Running the Sun Secure Global Desktop

Many of you have probably heard of Tarantella. Sun acquired them a while back and renamed the product line to the Sun Secure Global Desktop (SGD). In the off-hours, I'm working with a buddy of mine to set up some infrastructure, heavily leveraging SGD. I'll give more context in a later blog entry.

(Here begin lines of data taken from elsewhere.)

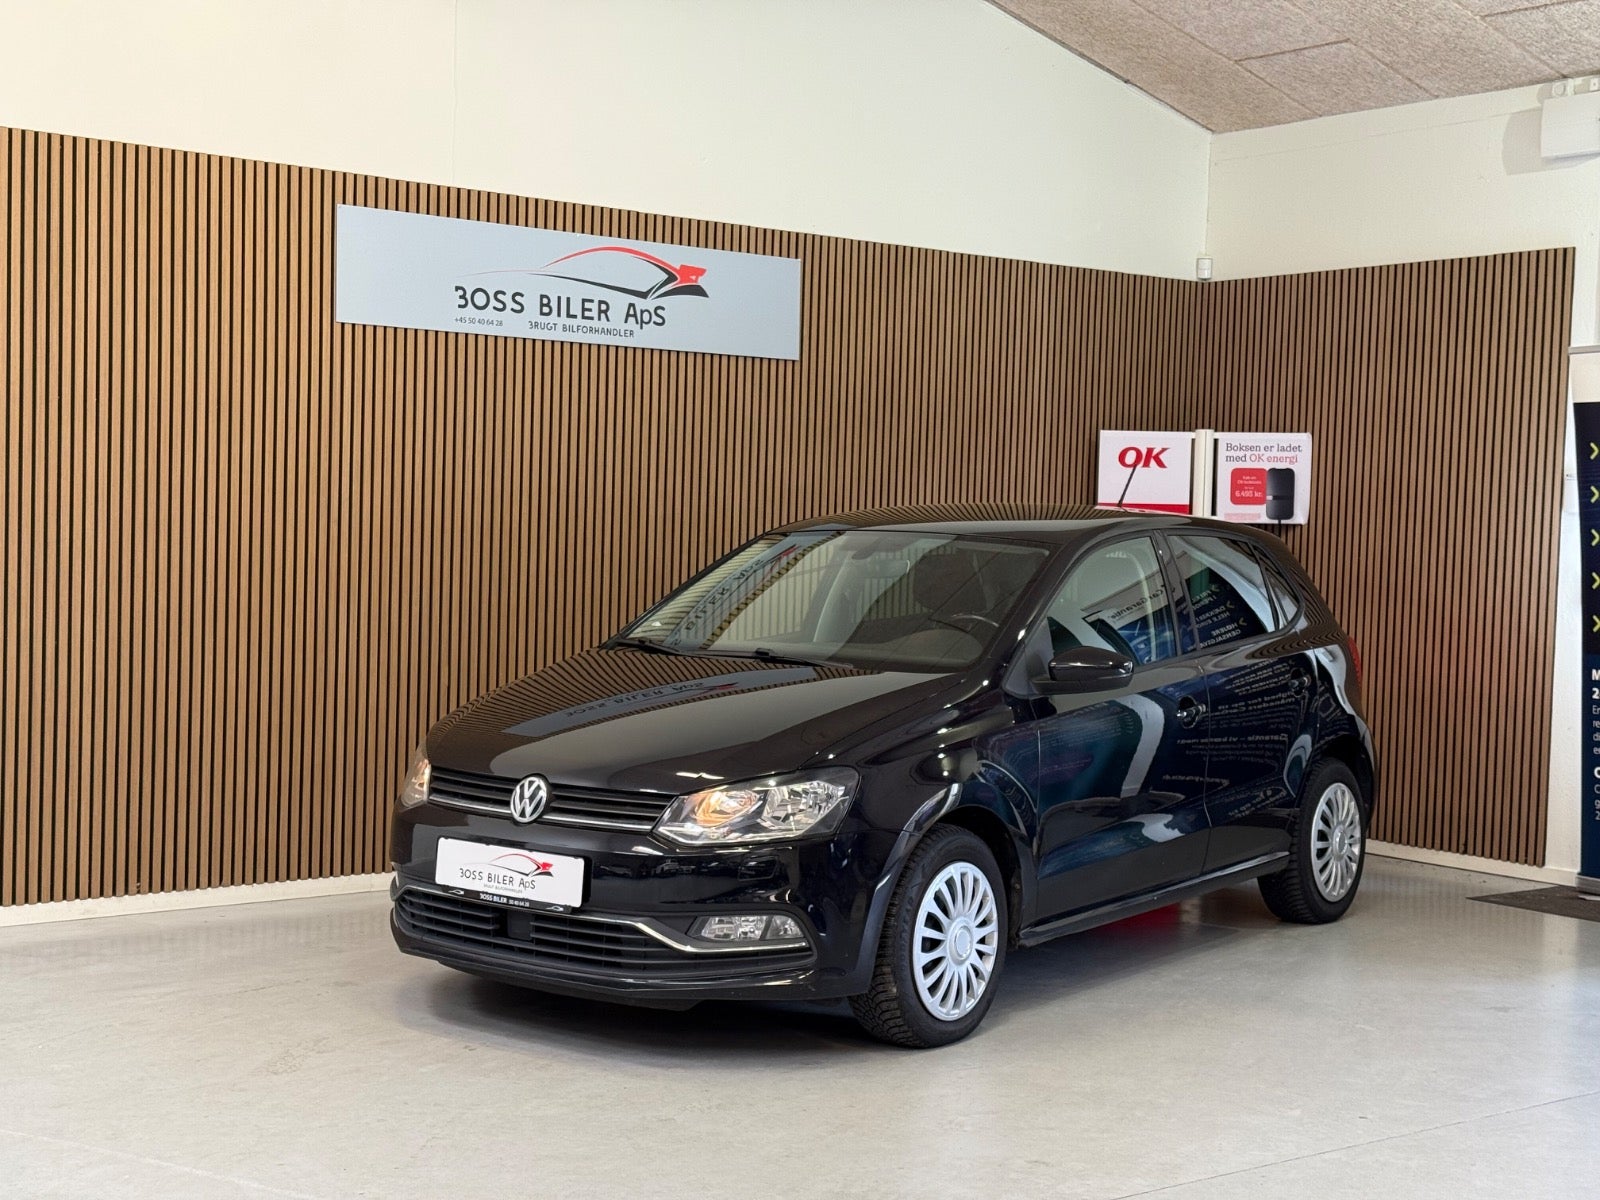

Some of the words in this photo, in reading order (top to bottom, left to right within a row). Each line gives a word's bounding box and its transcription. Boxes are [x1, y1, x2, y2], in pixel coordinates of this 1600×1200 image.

[539, 294, 611, 322] BILER
[624, 302, 667, 330] ApS
[454, 317, 467, 325] +45
[477, 318, 486, 326] 40
[562, 323, 635, 338] BILFORHANDLER
[1225, 442, 1262, 452] Boksen
[1276, 443, 1303, 453] ladet
[1118, 446, 1171, 469] OK
[1225, 453, 1247, 463] med
[1249, 453, 1265, 463] OK
[1266, 454, 1298, 465] energi
[487, 872, 514, 888] BILER
[518, 878, 536, 891] ApS
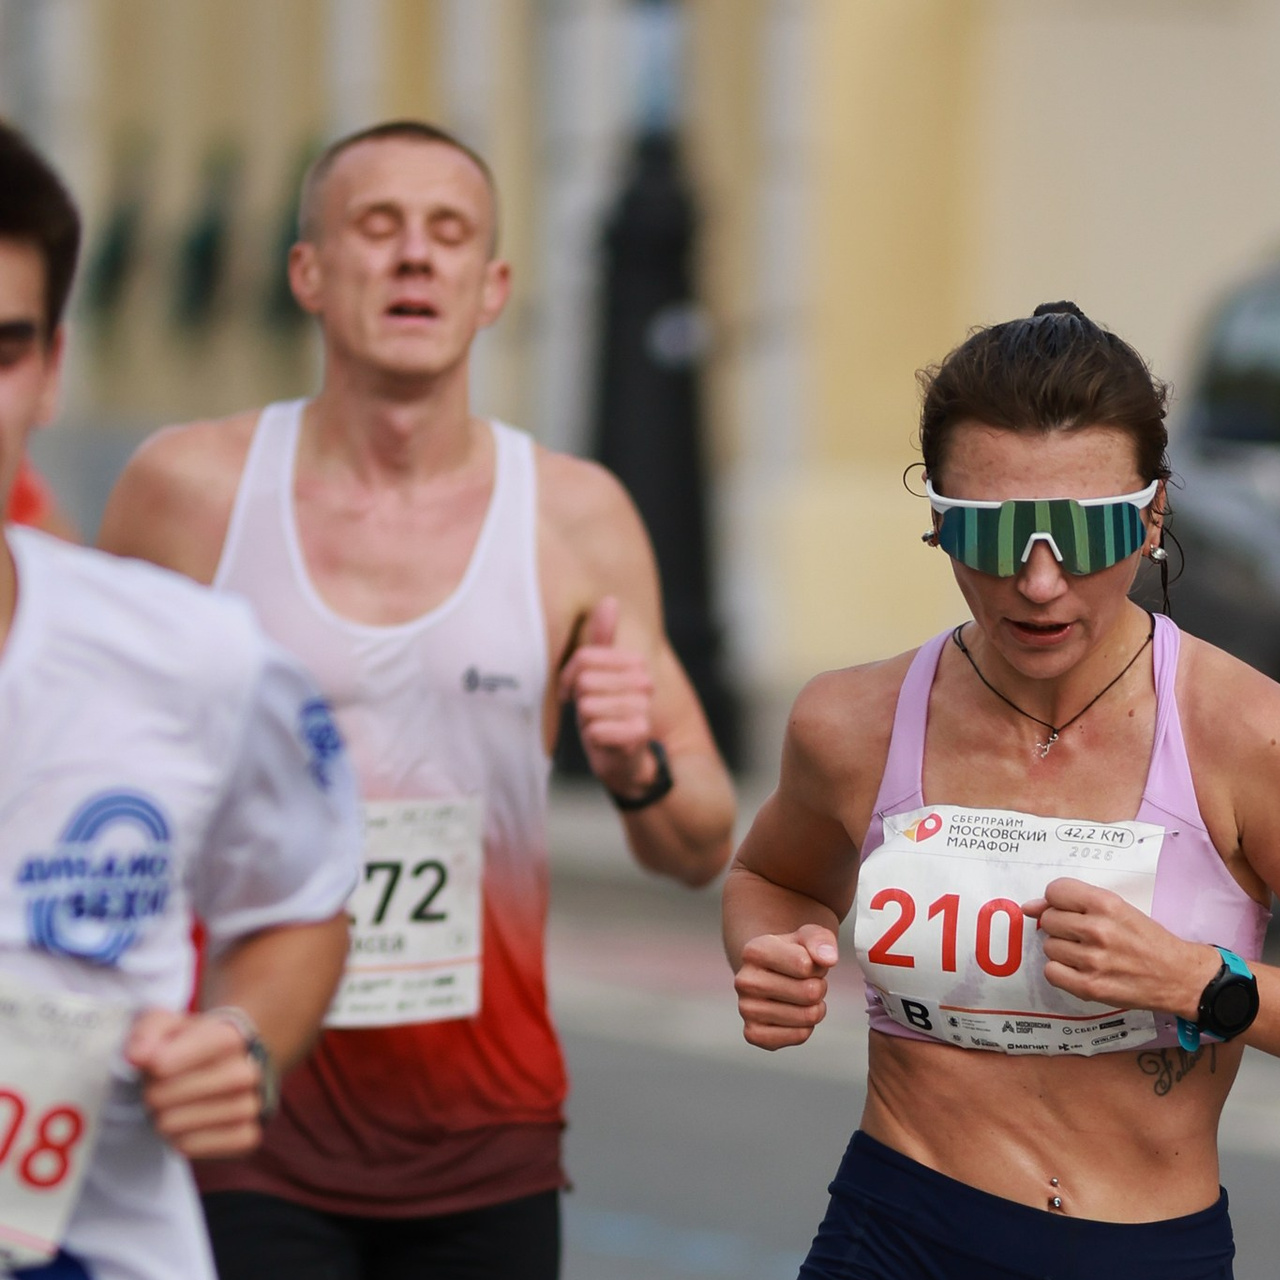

Regarding SGD, I've got a desktop up and running on a host I have out on the 'Net. Right now I am running the desktop through my browser via Java applet from a Sun office. No client software install (yeah!). Performance isn't too bad, but redraws are noticeable (note, 16-bit color configured). A few notes on that. First, the setup is out of the box with no RTFM and no tuning. Next, I'm going through a Sun proxy from inside the Sun network. Last, the network from this particular Sun office leaves a lot to be desired. If anyone has any off-the-cuff advice on tuning for low bandwidth and/or high latency (especially latency), feel free to comment. We suspect that, given his deployment scenario, performance won't be a problem at all. My buddy is having very good results from a performance perspective from his home, for example. In fact, he's pretty darn stoked.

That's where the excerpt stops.